Link-Belt has promoted Pat Collins to director of product marketing with overall responsibility for the product management activities reporting to Bill
Stramer vice president, marketing, sales and customer support.
Collins has been with Link Belt for almost 30 years, starting out with the company’s service team in its Cedar Rapids, Iowa facility. He served as district service representative for Link-Belt in the Rocky Mountain region and has been involved in a number of new designs and innovations for both telescopic and lattice cranes.
“Pat is well prepared to take on this new challenge with his vast experience within our marketing, sales and customer support organization,” said Stramer.
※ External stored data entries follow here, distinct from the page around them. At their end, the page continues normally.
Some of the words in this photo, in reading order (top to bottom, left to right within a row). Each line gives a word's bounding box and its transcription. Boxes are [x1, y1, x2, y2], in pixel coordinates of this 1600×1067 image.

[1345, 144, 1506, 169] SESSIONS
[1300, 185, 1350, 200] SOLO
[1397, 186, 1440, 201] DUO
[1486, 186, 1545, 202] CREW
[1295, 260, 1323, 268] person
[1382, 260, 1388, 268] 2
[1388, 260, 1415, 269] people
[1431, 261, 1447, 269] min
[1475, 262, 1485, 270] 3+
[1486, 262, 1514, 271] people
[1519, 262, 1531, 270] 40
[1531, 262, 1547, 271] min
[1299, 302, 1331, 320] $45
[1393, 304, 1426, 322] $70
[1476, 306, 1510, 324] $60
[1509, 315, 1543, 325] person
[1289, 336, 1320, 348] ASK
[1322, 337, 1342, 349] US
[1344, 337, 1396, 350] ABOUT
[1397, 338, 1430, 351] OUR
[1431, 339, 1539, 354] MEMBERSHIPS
The company has also appointed two product managers - Scott Knight has been promoted to the product manager, lattice and telescopic crawler cranes, with responsibility for current and new product development. He began his career in the heavy equipment business with Link-Belt in 2007 as a product specialist for lattice and telescopic crawler cranes.
Collins said: “Scott has been deeply involved in every phase of marketing our products, new product concept to field research including voice of the customer, trade show planning and setup, day to day customer support issues and plant visits and played a key marketing role in the development and introduction of our highly successful TCC-750. His hard earned and highly regarded reputation with both distributor and customers will make this transition into his new role successful and seamless.”
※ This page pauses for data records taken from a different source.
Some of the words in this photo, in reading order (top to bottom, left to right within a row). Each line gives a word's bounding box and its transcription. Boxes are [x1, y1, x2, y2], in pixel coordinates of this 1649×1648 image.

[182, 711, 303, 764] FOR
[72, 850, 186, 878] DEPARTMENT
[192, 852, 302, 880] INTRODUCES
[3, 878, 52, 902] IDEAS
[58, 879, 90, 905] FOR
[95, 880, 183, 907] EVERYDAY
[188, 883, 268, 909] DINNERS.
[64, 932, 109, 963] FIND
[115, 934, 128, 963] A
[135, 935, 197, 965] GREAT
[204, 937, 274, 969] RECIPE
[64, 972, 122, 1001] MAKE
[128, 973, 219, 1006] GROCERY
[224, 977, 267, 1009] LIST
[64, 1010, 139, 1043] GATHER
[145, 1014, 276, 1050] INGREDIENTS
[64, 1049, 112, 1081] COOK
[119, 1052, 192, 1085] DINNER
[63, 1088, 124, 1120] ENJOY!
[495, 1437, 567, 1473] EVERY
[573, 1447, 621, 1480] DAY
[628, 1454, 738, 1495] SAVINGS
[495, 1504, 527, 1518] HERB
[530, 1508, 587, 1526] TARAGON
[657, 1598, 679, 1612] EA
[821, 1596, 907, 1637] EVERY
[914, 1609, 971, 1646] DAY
Brian Smoot has been promoted to product manager, Rough Terrain cranes, he began his career with Link-Belt in 2007 in the product support team, before moving to his most recent role as product specialist.
“Brian’s product knowledge, product development experience and strong history of interaction with our distributor and customer base, make him the logical choice to lead the ongoing advancement of our Rough Terrain cranes, worldwide,” said Collins.
This move is overdue, Link Belt makes some excellent cranes, several of them world class, but it often fails to manage their product marketing and development as well competitors such as Manitowoc or Terex, particularly outside of the Americas.
Hopefully giving these product management roles a higher status and hopefully greater importance within the business, is just a first step towards the company getting more serious about its international product marketing and exploiting the full potential of its product line and brand.